To T. H. Huxley   30 May [1865]1

Down. | Bromley. | Kent. S.E.

May 30

My dear Huxley

I thank you most sincerely for granting my request in so kind a manner.2

When ever you read the M.S. be so kind as to suspend your judgment until you have read the whole, & then turn the subject a little in your mind. I have thought of it much, more than appears in the M.S. & am becoming convinced that some such view will have to be adopted; but I see that it over throws in an uncomfortable manner one’s common view on ordinary development.3 The style of the M.S has to be improved.

You will have to take some of my facts & partial conclusions on trust, but the greater number of the facts will be quite as familiar to you as to me.

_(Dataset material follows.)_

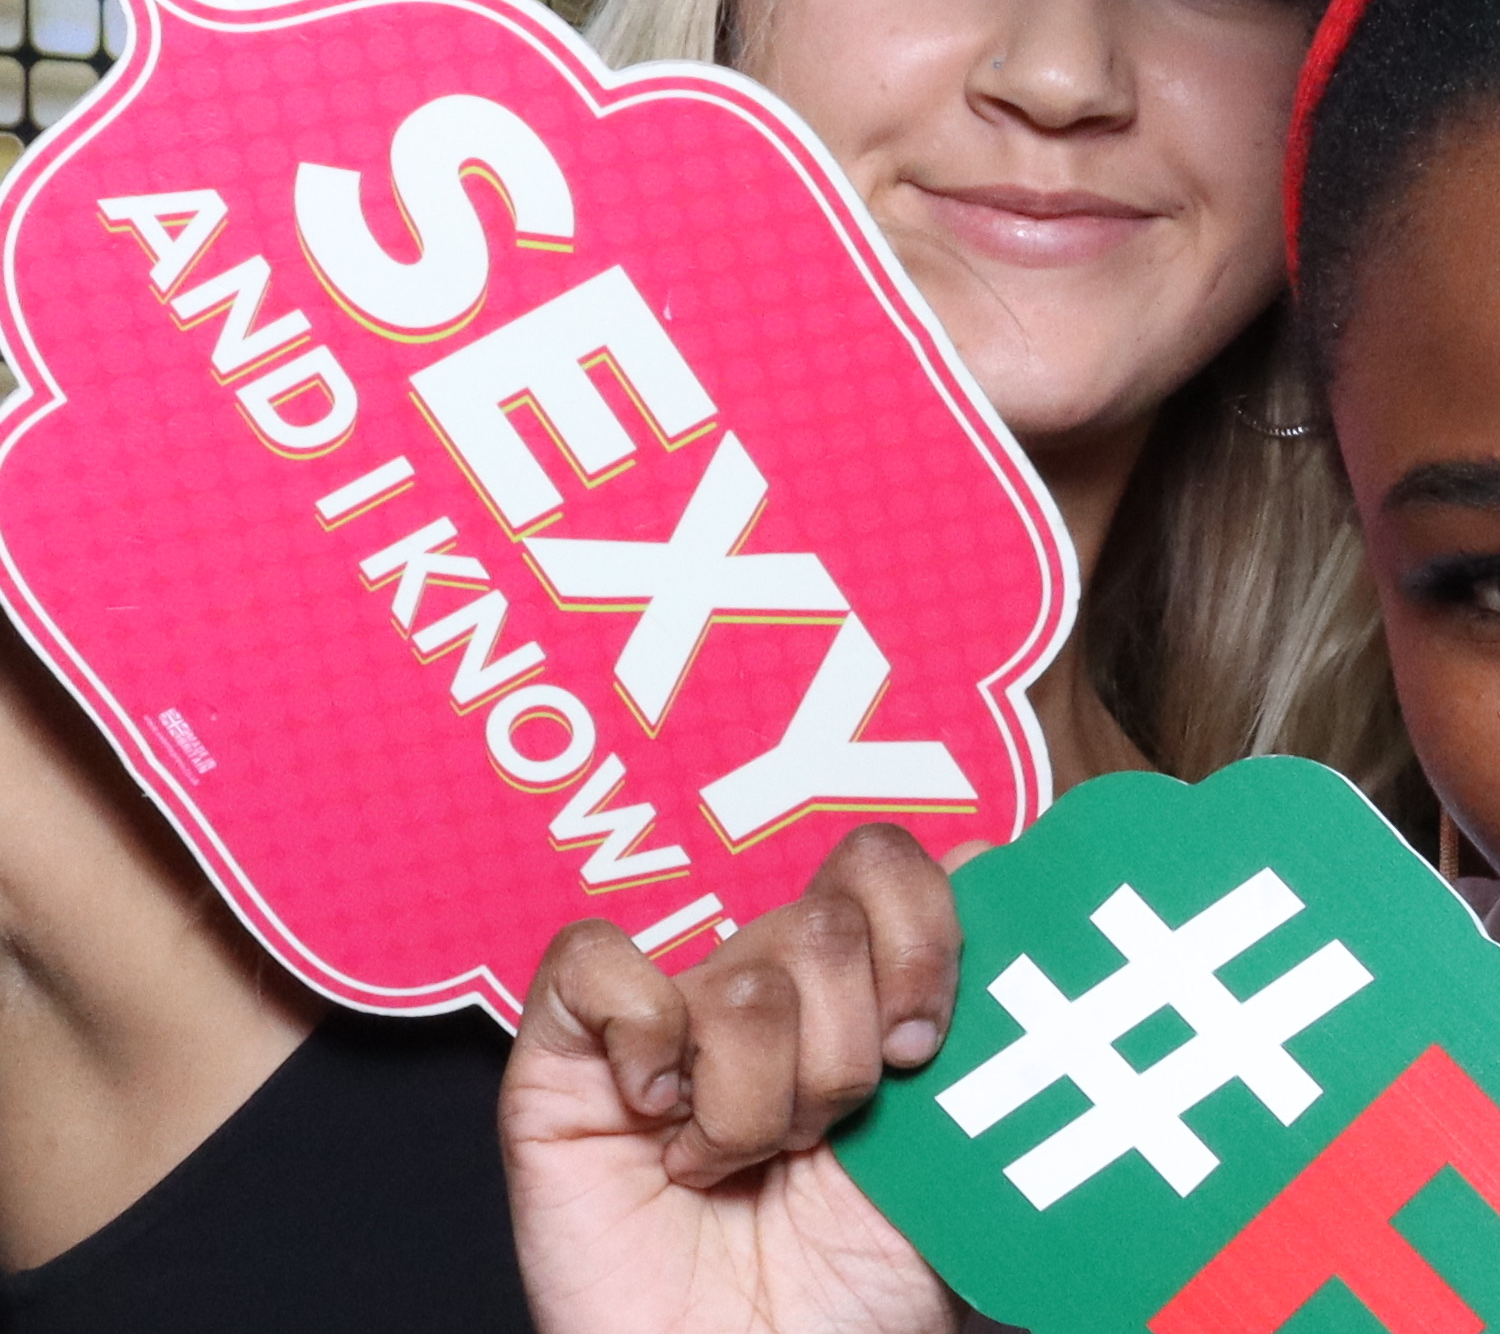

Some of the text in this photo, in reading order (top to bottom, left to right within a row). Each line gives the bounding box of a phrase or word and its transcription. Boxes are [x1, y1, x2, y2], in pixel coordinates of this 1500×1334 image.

You will really do me a very great service & with cordial thanks believe me yours sincerely | Ch Darwin


The year is established by the relationship between this letter and the letter from T. H. Huxley, 29 May 1865.
CD had asked Huxley whether he would read and comment on the manuscript of his pangenesis hypothesis (see letter to T. H. Huxley, 27 May [1865], and letter from T. H. Huxley, 29 May 1865).
CD may be alluding to the view expressed in his manuscript, that there is no essential difference between sexual and asexual reproduction or between reproduction and continual growth (see Olby 1963, pp. 253–6; see also letter to J. D. Hooker, 4 April [1867] (Calendar no. 5485)). This represented a radical departure from CD’s earlier views on generation as expressed in his Notebooks (see Kohn 1980, pp. 83–7, and Hodge 1985, pp. 227–36). Olby has noted that CD’s revised position on reproduction partly reflected contemporary work on parthenogenesis that contributed to the undermining of the distinction between buds and germ-cells during the 1860s (Olby 1985, pp. 73–5, 80). See also Churchill 1979, and Farley 1982, pp. 72–111. On precursors to CD’s hypothesis of pangenesis, see Geison 1969, pp. 393–409.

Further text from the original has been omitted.